Enfin, aux termes de l’article R. 779-1 du code de justice administrative : « Les requêtes dirigées contre les décisions de mise en demeure de quitter les lieux mentionnés au II bis de l'article 9 de la loi n° 2000-614 du 5 juillet 2000 relative à l'accueil et à l'habitat des gens du voyage sont présentées, instruites et jugées selon les dispositions du présent code applicables aux requêtes en annulation, sous réserve des dispositions du présent chapitre ». Selon l’article R. 779-2 de ce code : « Les requêtes sont présentées dans le délai d'exécution fixé par la décision de mise en demeure (…) ». Selon l’article R. 779-8 du même code : « Les jugements sont rendus par le président du tribunal administratif ou le magistrat qu'il désigne à cet effet (…) ».

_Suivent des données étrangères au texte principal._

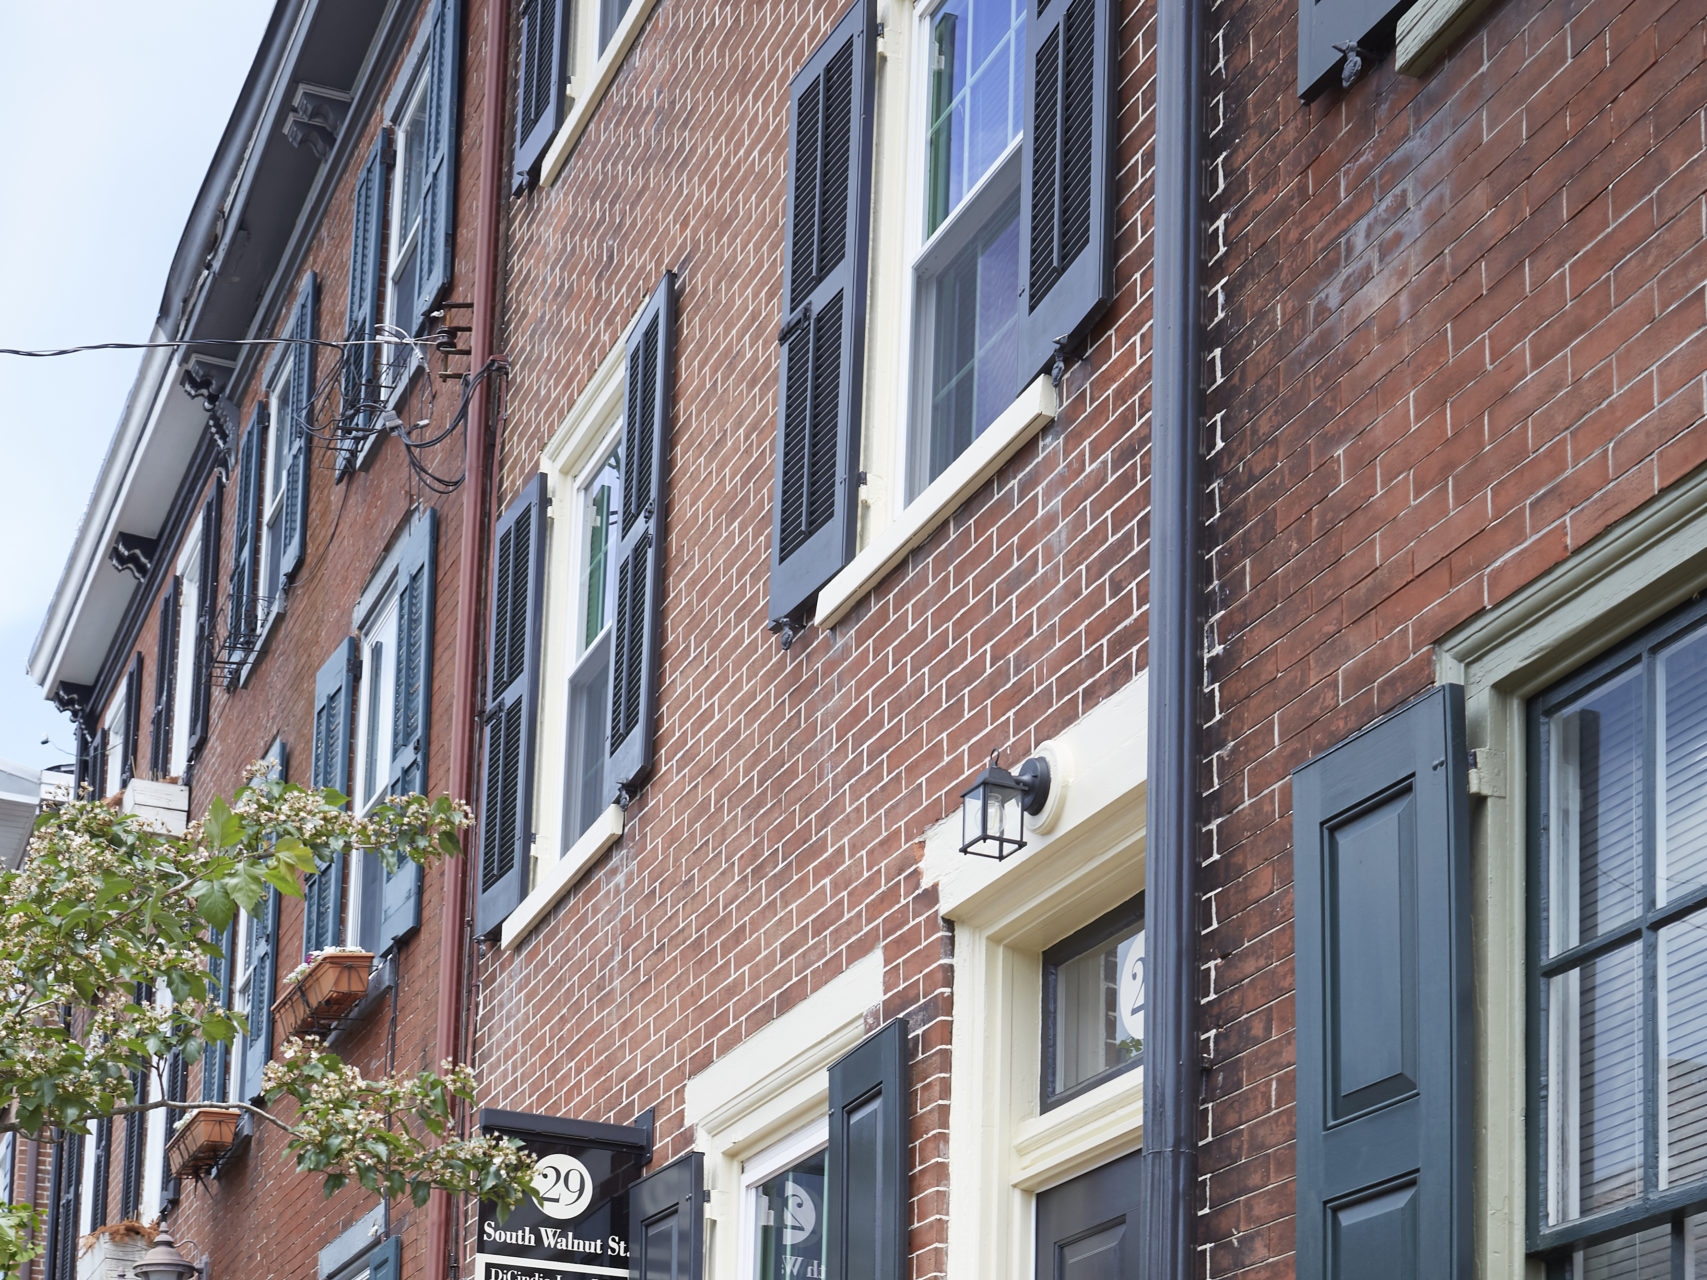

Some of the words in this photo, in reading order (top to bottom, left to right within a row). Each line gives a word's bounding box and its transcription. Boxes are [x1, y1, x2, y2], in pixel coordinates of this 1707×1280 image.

Les requérants soutiennent que la communauté d’agglomération du Grand Chalon ne respecte pas les prescriptions du schéma départemental d’accueil et d’habitat des gens du voyage. Il résulte de l’instruction qu’aux termes du schéma départemental applicable en Saône-et-Loire pour la période 2021-2027, dix-huit places prévues par le schéma précédent sur le territoire de la communauté d’agglomération du Grand Chalon n’avaient pas été réalisées. Aucun élément du dossier ne permet de démontrer qu’elles l’aient été à ce jour. En outre, à supposer que l’aire de grand passage de Varennes-le-Grand ait effectivement fait l’objet de la dépollution en cours en 2020, en se bornant à faire valoir que la communauté d’agglomération du Grand Chalon a satisfait aux obligations prescrites par le schéma départemental, le préfet n’établit pas que les prescriptions fixées par ledit schéma, consistant notamment à maintenir, adapter et étendre l’aire existante pour porter sa superficie de 2,9 à 4 hectares afin d’augmenter le nombre de places pour caravanes de 150 à 200 ou à proposer un site complémentaire proche, aient été mises en œuvre. Dès lors, les conditions posées par les dispositions précitées de la loi du 5 juillet 2000 permettant au président de la communauté d’agglomération d’interdire, par arrêté du 20 janvier 2021, le stationnement des gens du voyages en dehors des aires aménagées à cet effet sur le territoire des communes membres, ne sont pas remplies en l’état des éléments versés au dossier. Ainsi, l’illégalité de cet arrêté prive de base légale l’arrêté préfectoral en litige.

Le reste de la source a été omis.